Discussion of Question 12C in the Student Guide.

Teacher: Can a triangle have more than one obtuse angle?

Linda: No.

Teacher: Why not?

Linda: Because if you start to draw the triangle with two obtuse angles, you can't make the last two sides meet.[draws line segments as shown in Figure 5]

Teacher: What if you made the angle on the left smaller to begin with?

John: If they're both obtuse, you still wouldn't be able to make the sides meet. The two sides will always get farther apart as you go up, not closer together. [draws line segments as shown in Figure 6]

Teacher: Good. Can you prove the same thing using angle measures?

Tanya: I think so. If two angles are obtuse, that means they are both bigger than 90 degrees. So if you add them together, they have to be more than 180 degrees.

Teacher: And what does that tell you?

Jerome: It tells you it can't be a triangle.

Teacher: Why not?

Jerome: Because all three angles have to add up to 180 degrees. But we already have more than 180 degrees and only two angles. It doesn't work for a triangle.

Classify Triangles. In Question 13 in the Student Guide, students are introduced to classifying triangles based on their angles. Figure 7 shows these three types of triangles.

A right triangle has one right angle. An obtuse triangle has one obtuse angle. An acute triangle has three acute angles. Because the three angles of a triangle sum to 180°, two of the angles must always be acute in any triangle. We can therefore think of these triangle categories in terms of the third angle of the triangle, which can be either acute, right, or obtuse.

Question 13B is most students' first opportunity to draw triangles in this unit. Help students with this task with a few reminders.

Use a ruler to draw the line segments.
Make sure the ends of their line segments touch, but do not cross.
Draw a light sketch to show the angles and sides correctly before retracing the triangle more boldly.
Check angle sizes by comparing them to a right angle.
Label the vertex points with letters.

In Question 14, students use what they have learned about the sums of angles in triangles to again reason about the combinations of angles in a triangle. An obtuse triangle cannot have a right angle because the sum of the obtuse angle and a right angle already exceed 180°.
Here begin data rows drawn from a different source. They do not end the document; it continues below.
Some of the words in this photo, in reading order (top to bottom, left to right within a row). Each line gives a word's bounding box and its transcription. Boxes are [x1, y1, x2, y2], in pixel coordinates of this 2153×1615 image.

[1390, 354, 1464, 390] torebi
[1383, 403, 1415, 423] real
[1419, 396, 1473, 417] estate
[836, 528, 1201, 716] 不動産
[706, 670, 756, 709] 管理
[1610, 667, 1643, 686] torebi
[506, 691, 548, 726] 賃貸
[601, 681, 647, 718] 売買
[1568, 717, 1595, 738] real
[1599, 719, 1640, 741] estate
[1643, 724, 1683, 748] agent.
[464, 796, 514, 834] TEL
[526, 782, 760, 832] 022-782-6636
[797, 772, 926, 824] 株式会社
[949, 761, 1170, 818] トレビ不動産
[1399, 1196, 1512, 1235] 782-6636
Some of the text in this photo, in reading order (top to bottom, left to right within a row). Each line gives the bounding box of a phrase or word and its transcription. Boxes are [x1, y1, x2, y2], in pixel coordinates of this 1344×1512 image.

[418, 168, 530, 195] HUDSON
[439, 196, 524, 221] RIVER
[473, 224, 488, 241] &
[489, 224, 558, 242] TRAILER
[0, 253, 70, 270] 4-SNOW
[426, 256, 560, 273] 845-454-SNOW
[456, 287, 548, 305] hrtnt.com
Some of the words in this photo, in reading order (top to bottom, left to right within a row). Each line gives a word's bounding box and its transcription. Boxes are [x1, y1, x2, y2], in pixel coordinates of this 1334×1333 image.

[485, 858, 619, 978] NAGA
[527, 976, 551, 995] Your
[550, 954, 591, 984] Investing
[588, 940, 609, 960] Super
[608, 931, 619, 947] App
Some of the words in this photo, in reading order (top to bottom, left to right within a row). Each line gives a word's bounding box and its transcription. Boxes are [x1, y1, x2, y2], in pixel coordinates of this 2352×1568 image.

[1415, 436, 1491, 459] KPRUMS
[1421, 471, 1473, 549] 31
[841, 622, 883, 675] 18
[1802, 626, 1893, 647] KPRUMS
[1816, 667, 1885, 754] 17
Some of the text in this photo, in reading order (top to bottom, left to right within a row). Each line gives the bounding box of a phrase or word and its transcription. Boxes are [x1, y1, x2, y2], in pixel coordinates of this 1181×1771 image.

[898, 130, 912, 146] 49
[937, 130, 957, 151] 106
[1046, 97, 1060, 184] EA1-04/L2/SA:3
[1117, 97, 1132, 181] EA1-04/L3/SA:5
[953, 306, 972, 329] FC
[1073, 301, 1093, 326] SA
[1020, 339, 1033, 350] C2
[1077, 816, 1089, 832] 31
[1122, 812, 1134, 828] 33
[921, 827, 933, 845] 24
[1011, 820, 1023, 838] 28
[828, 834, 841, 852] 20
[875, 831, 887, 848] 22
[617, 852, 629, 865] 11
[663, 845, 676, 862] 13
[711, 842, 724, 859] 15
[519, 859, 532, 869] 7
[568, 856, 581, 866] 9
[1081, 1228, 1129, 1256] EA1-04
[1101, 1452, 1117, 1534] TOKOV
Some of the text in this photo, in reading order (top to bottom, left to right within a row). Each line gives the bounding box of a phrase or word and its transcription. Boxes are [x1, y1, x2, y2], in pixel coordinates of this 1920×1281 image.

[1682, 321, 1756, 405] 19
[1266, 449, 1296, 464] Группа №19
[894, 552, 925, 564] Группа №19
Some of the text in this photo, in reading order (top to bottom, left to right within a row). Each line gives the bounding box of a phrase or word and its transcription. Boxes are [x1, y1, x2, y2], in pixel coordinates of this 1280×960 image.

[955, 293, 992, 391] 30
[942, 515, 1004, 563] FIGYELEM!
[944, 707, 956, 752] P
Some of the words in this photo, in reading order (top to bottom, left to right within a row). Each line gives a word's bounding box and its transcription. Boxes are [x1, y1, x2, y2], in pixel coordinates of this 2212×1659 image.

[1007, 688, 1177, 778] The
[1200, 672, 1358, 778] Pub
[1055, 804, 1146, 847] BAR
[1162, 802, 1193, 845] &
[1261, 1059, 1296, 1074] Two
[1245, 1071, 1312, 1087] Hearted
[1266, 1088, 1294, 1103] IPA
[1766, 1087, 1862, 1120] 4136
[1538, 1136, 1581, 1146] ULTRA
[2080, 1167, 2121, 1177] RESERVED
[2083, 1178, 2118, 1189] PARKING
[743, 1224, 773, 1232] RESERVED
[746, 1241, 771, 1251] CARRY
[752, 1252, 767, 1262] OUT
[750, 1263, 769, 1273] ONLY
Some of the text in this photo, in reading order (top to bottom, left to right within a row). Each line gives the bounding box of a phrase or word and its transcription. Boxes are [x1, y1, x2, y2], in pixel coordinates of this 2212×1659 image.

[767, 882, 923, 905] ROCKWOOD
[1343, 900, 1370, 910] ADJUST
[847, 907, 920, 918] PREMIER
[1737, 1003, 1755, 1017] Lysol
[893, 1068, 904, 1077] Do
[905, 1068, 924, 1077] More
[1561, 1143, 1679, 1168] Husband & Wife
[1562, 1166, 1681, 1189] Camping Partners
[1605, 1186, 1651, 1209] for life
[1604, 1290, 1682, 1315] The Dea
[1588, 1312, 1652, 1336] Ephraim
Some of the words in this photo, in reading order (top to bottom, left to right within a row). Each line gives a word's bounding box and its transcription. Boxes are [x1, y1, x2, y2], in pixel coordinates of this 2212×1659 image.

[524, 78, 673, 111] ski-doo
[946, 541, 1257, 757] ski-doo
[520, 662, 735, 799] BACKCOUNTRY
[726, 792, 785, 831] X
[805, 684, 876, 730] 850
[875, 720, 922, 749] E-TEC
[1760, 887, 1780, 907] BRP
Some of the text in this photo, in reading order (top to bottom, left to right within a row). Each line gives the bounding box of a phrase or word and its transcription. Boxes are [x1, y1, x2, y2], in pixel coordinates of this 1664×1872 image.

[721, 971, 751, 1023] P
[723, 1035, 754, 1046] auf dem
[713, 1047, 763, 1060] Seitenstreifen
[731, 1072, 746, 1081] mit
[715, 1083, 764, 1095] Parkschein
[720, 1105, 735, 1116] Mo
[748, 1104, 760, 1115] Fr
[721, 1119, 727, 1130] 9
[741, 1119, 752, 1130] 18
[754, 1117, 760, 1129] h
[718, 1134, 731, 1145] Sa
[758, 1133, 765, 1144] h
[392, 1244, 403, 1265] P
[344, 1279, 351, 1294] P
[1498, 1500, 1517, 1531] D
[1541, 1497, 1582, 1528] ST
Find the Missing Angle. Have students work with partners to solve the problems in Question 15. Students apply the rule about triangle sums to find the missing measures of angles in a triangle. Introduce these problems with the whole class to help students engage with the mathematics.

Ask:

For Question 15A, what does the question ask you to find? (The measure of ∠D)
What do you already know? (∠F is 53° and ∠E is 90°.)
What else do you know about the angles of a triangle from the activity you did earlier? (All three angles add up to 180°.)
Can you use your protractor to measure any of the angles? (The instructions say, “Do not measure the angles.”)
How will you be able to tell if your answers are reasonable? (Estimate the angle size as a check. For example, look at the picture and ask yourself if ∠D should be greater than or less than 90 degrees?)
What questions do you still have about what the problem is asking?

From this point, allow students to develop their own solution paths to find the missing angle. Students may use flexible strategies to represent and solve the computation. After students have found solutions to both problems, select a few students to share their strategies with the whole class.

After students have shared their solutions, challenge student pairs to find the missing angles in the triangle in Question 16. Students should use what they know about the sum of the angles of a triangle and that a straight angle is 180°.

Add and Subtract Angles. Refer students to the Add and Subtract Angles pages in the Student Activity Book. Ask them to work with a partner to complete and discuss the questions on these pages. Students will need a protractor for Question 1. When students are done, ask students to share their solutions to Questions 2–5. Question 5 asks students to connect number sentences to how angles are put together. A display of this page may help discuss the representations in this question.

Assign Questions 5–8 in the Homework section of the Student Guide.